[Saved data entries]
=== Section Start ===

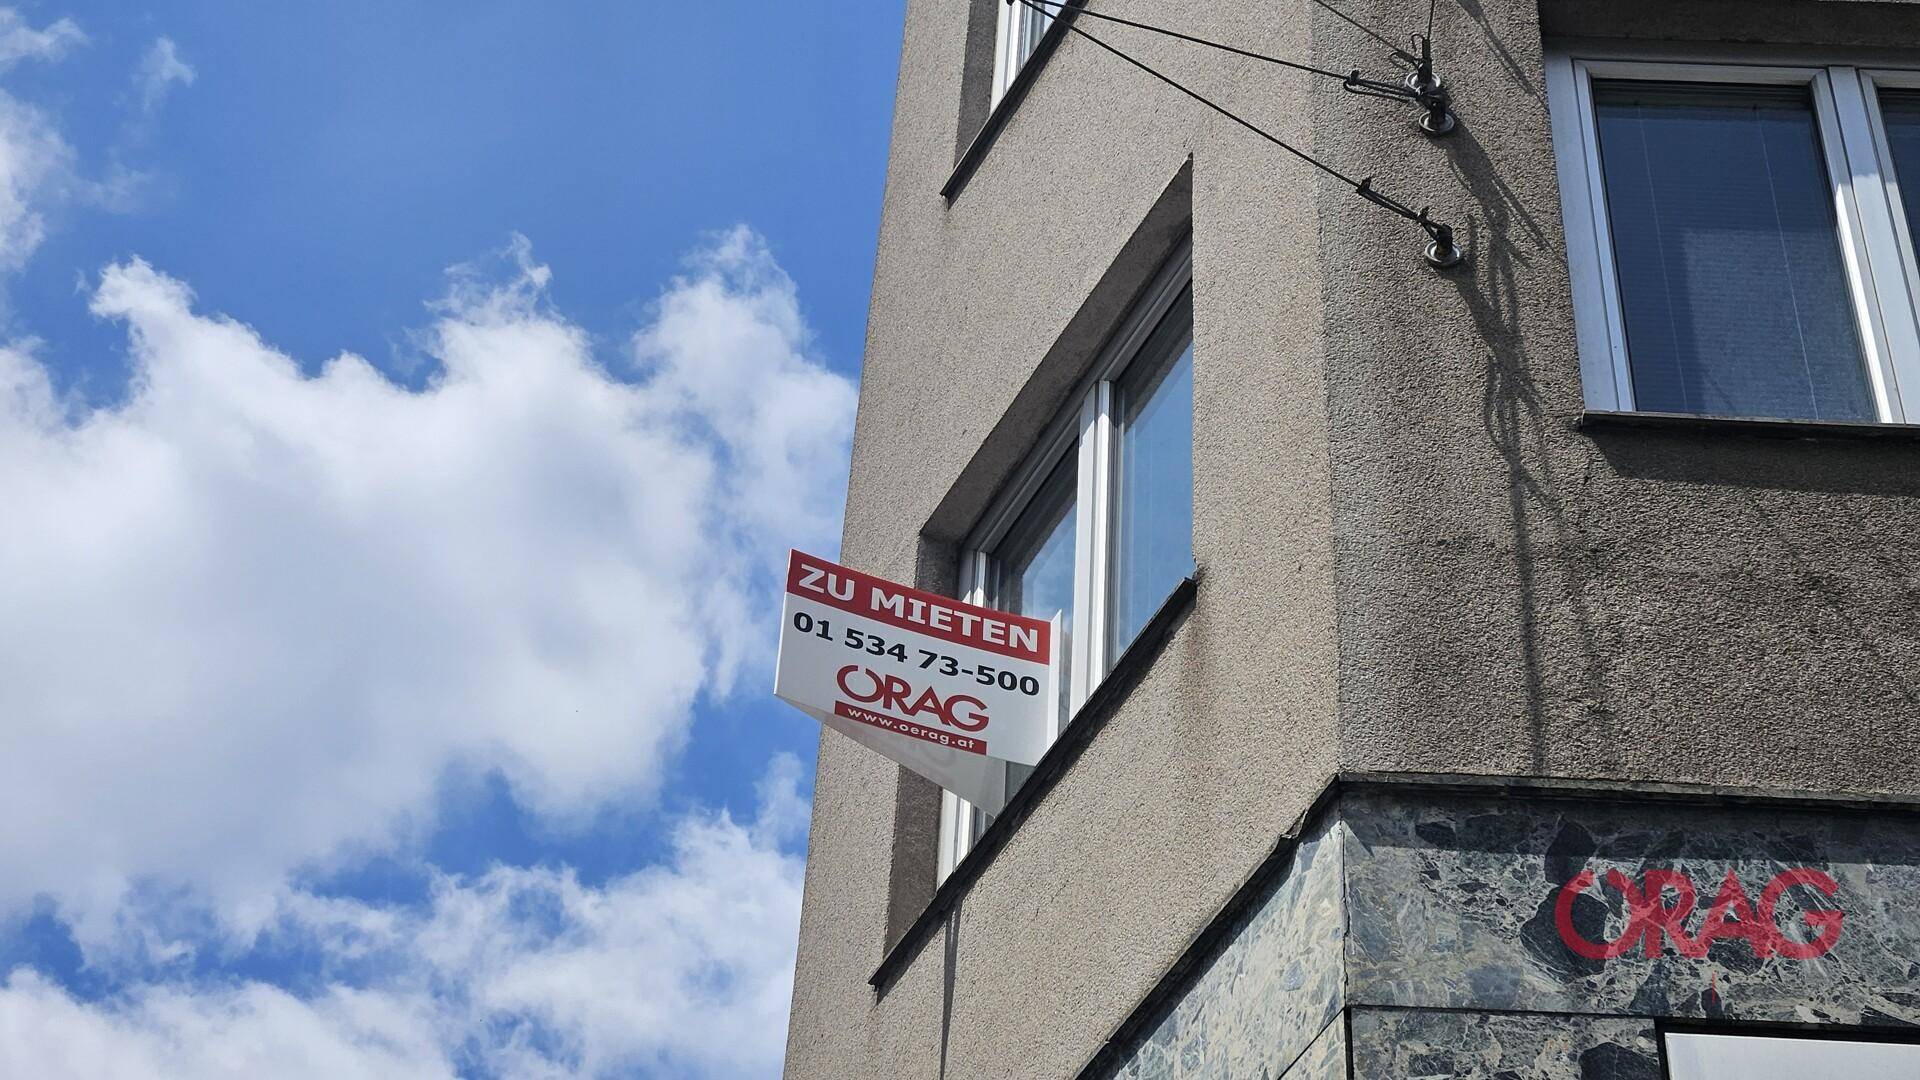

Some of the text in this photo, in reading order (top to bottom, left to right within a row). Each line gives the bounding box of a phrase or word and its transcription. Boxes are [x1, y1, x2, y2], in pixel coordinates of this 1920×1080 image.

[799, 564, 1038, 652] ZU MIETEN
[793, 612, 1039, 696] 01 534 73-500
[847, 708, 975, 749] www.oerag.at
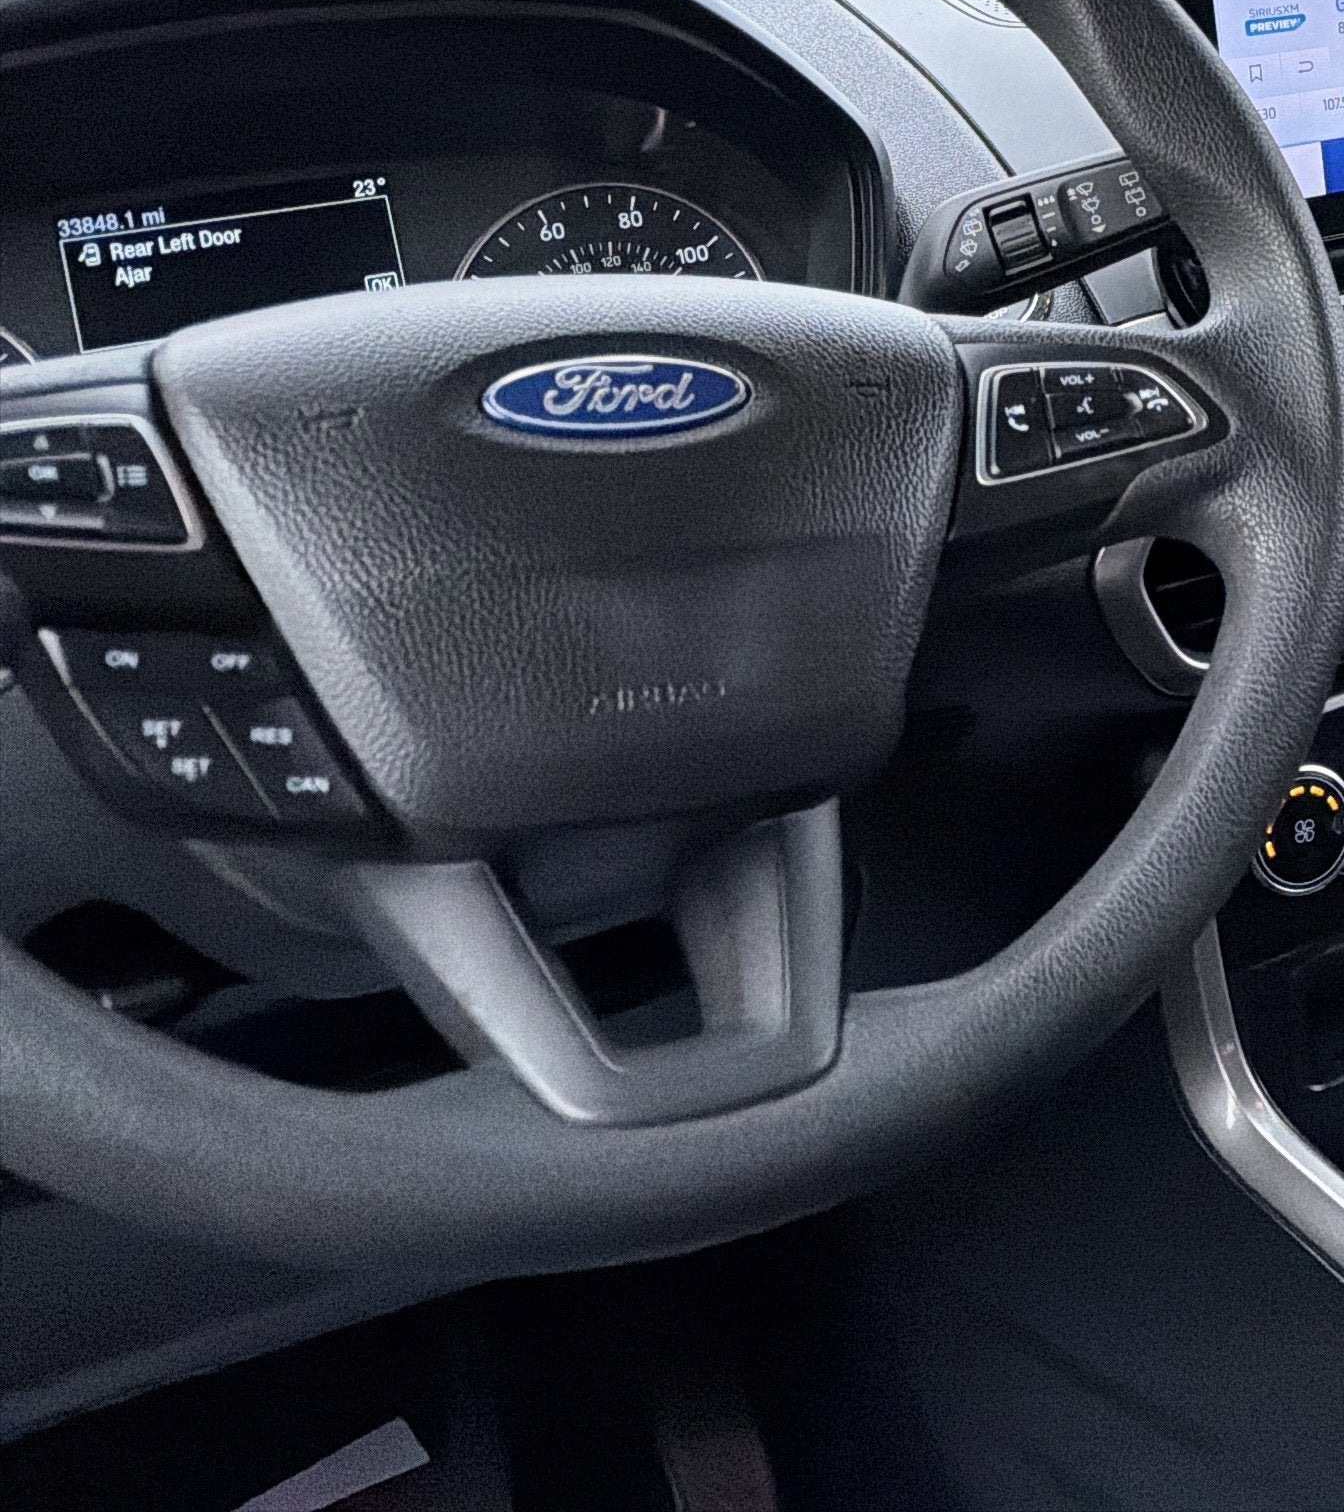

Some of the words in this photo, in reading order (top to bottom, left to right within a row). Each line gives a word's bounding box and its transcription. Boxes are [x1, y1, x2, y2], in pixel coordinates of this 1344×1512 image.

[1249, 3, 1300, 18] SIRIUSXM
[1250, 19, 1298, 33] PREVIEW
[353, 178, 386, 197] 23°
[58, 210, 135, 238] 33848.1
[141, 206, 166, 227] mi
[618, 210, 643, 229] 80
[540, 223, 565, 241] 60
[110, 241, 154, 262] Rear
[158, 232, 196, 254] Left
[199, 227, 242, 249] Door
[601, 255, 622, 268] 120
[676, 244, 709, 264] 100
[570, 262, 592, 274] 100
[630, 261, 652, 273] 140
[115, 266, 153, 288] Ajar
[543, 363, 694, 415] Ford
[105, 649, 139, 669] ON
[211, 653, 250, 671] OFF
[251, 727, 293, 745] RES
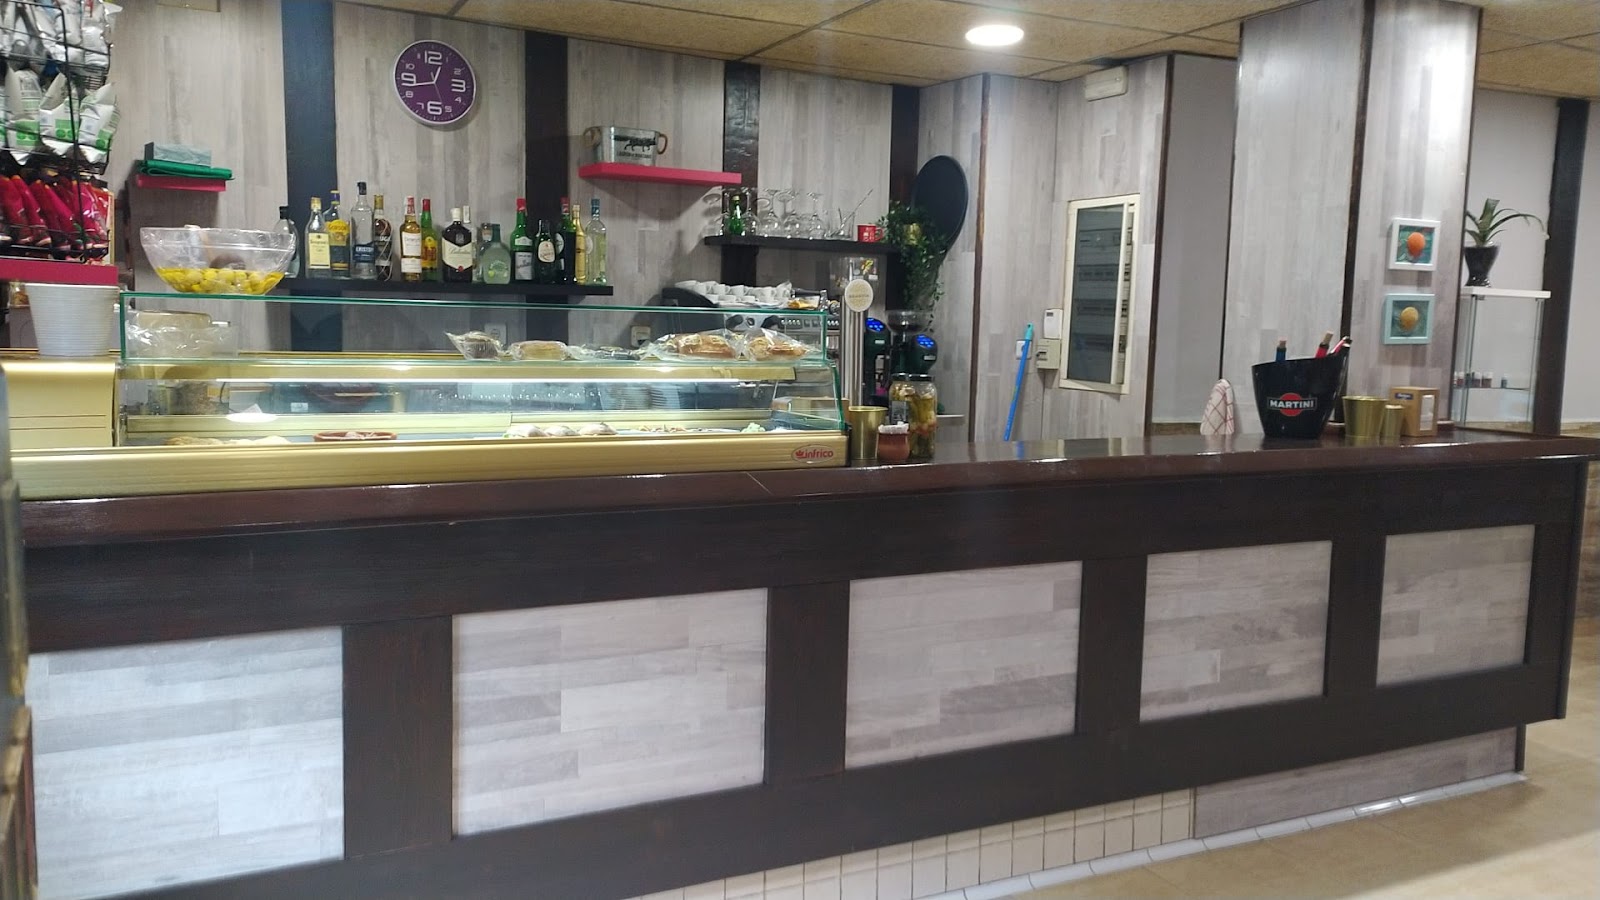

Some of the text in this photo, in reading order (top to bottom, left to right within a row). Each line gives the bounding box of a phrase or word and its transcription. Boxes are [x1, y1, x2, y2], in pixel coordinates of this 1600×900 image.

[424, 50, 443, 65] 12
[405, 62, 415, 70] 10
[453, 68, 462, 76] 2
[401, 72, 416, 87] 9
[451, 79, 466, 92] 3
[405, 90, 414, 98] 8
[427, 101, 442, 115] 6
[444, 105, 452, 113] 5
[1269, 400, 1314, 409] MARTINI
[805, 448, 834, 459] infrico
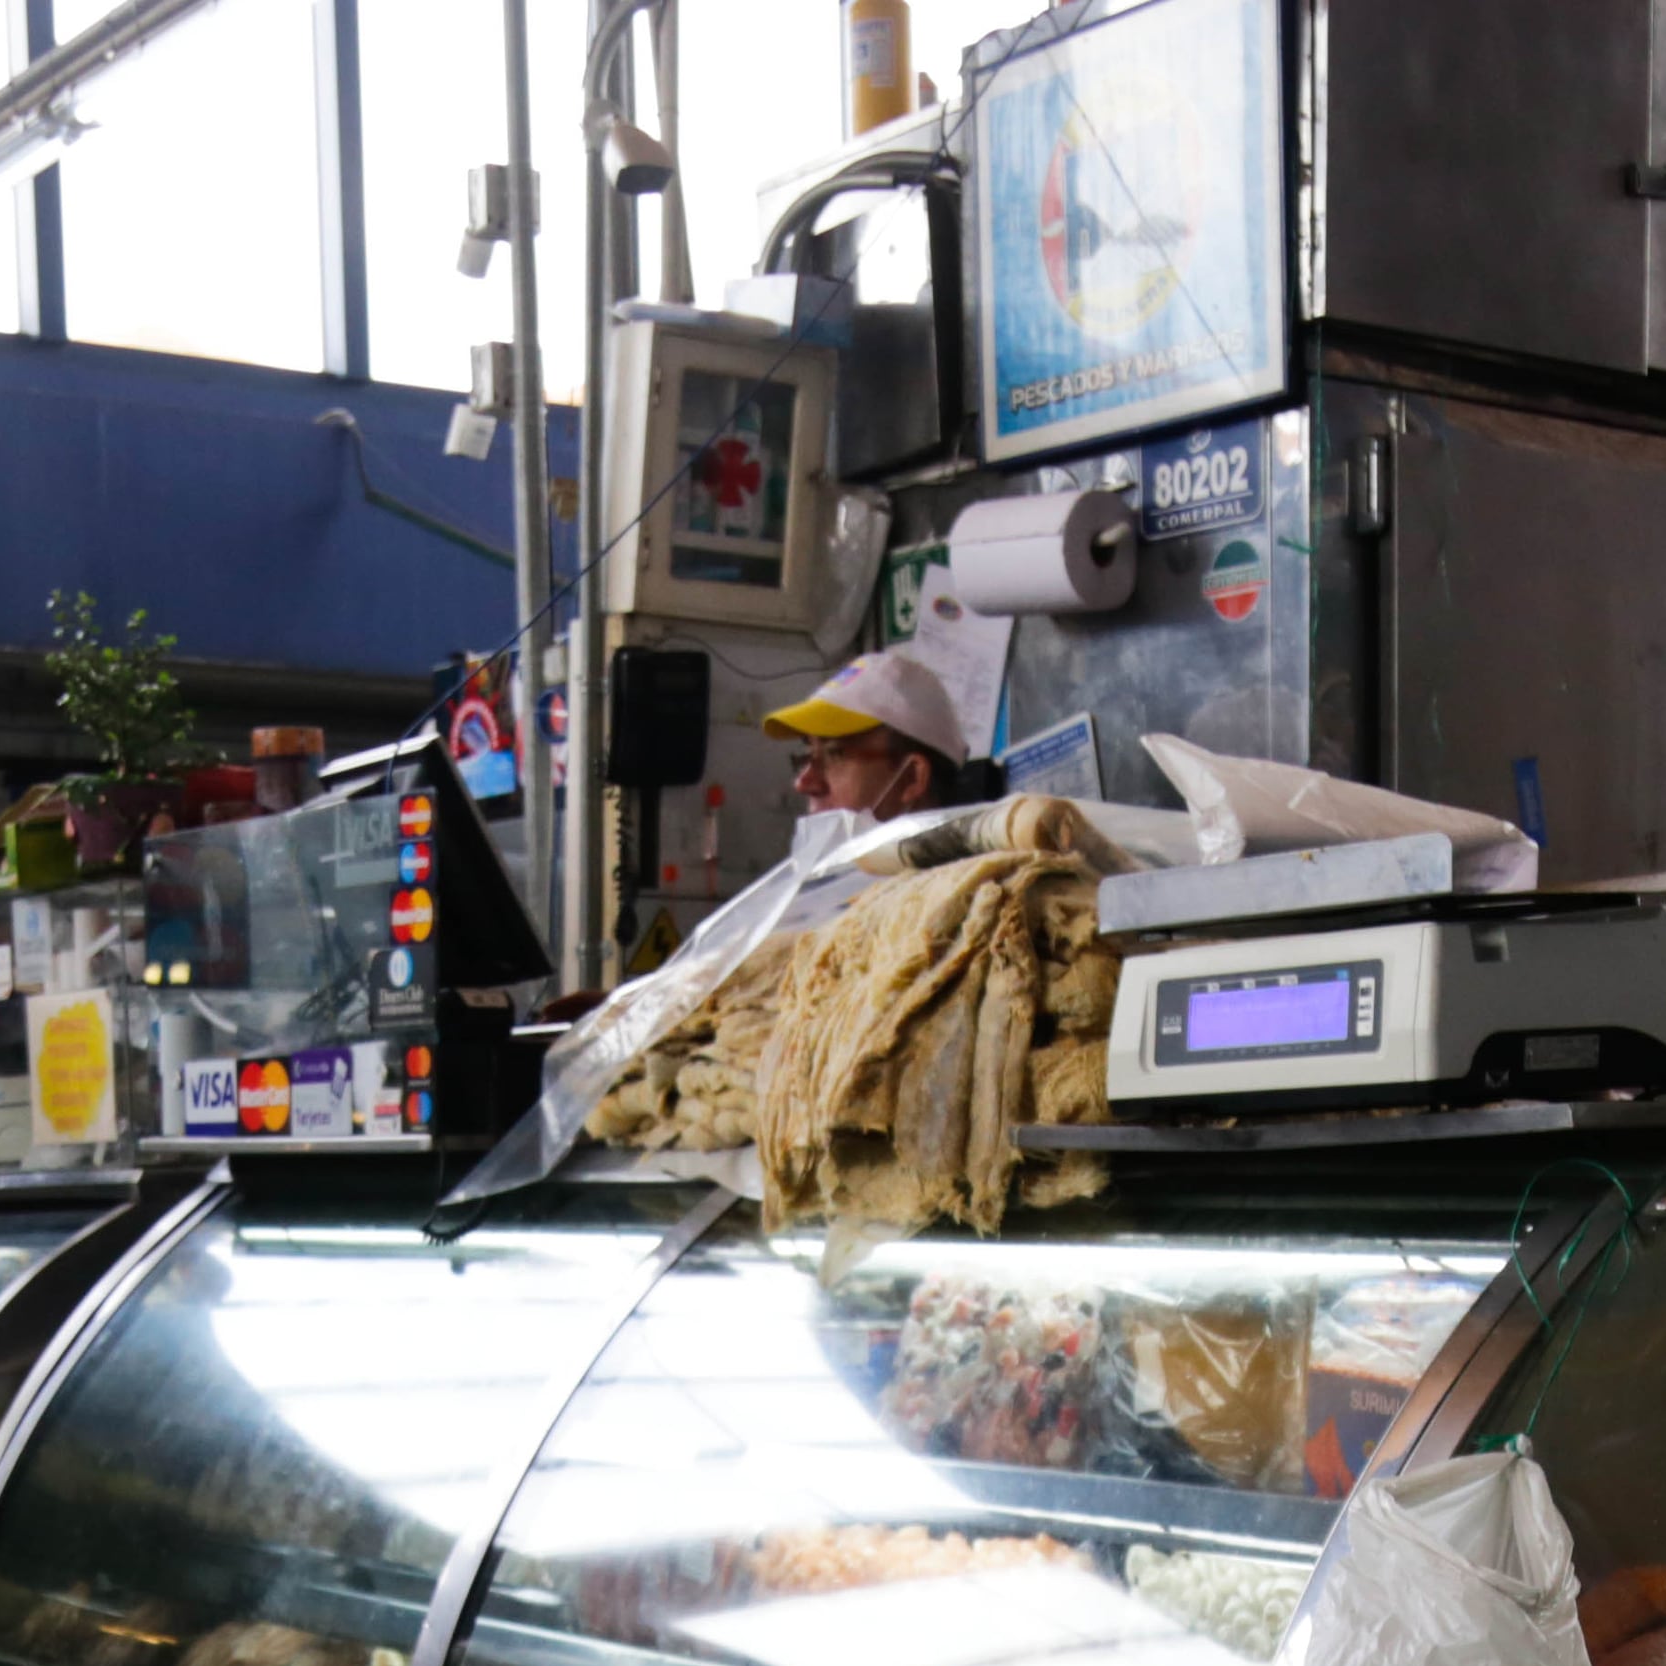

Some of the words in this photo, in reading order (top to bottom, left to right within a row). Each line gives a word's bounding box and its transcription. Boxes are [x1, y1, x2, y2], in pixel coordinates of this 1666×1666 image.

=== Section End ===

-- TASK DETAILS --
Write out again the lines from the one with "this 1600×900 image." through the end of the records exactly, without any of the pictures.

-- RESPONSE TO THIS EXERCISE --
Some of the text in this photo, in reading order (top to bottom, left to right within a row). Each line gives the bounding box of a phrase or word and its transcription. Boxes are [x1, y1, x2, y2], in pixel coordinates of this 1600×900 image.

[424, 50, 443, 65] 12
[405, 62, 415, 70] 10
[453, 68, 462, 76] 2
[401, 72, 416, 87] 9
[451, 79, 466, 92] 3
[405, 90, 414, 98] 8
[427, 101, 442, 115] 6
[444, 105, 452, 113] 5
[1269, 400, 1314, 409] MARTINI
[805, 448, 834, 459] infrico

Some of the words in this photo, in reading order (top to bottom, left to right within a row). Each line gives a word's bounding box and its transcription. Boxes are [x1, y1, x2, y2], in pixel coordinates of this 1666×1666 image.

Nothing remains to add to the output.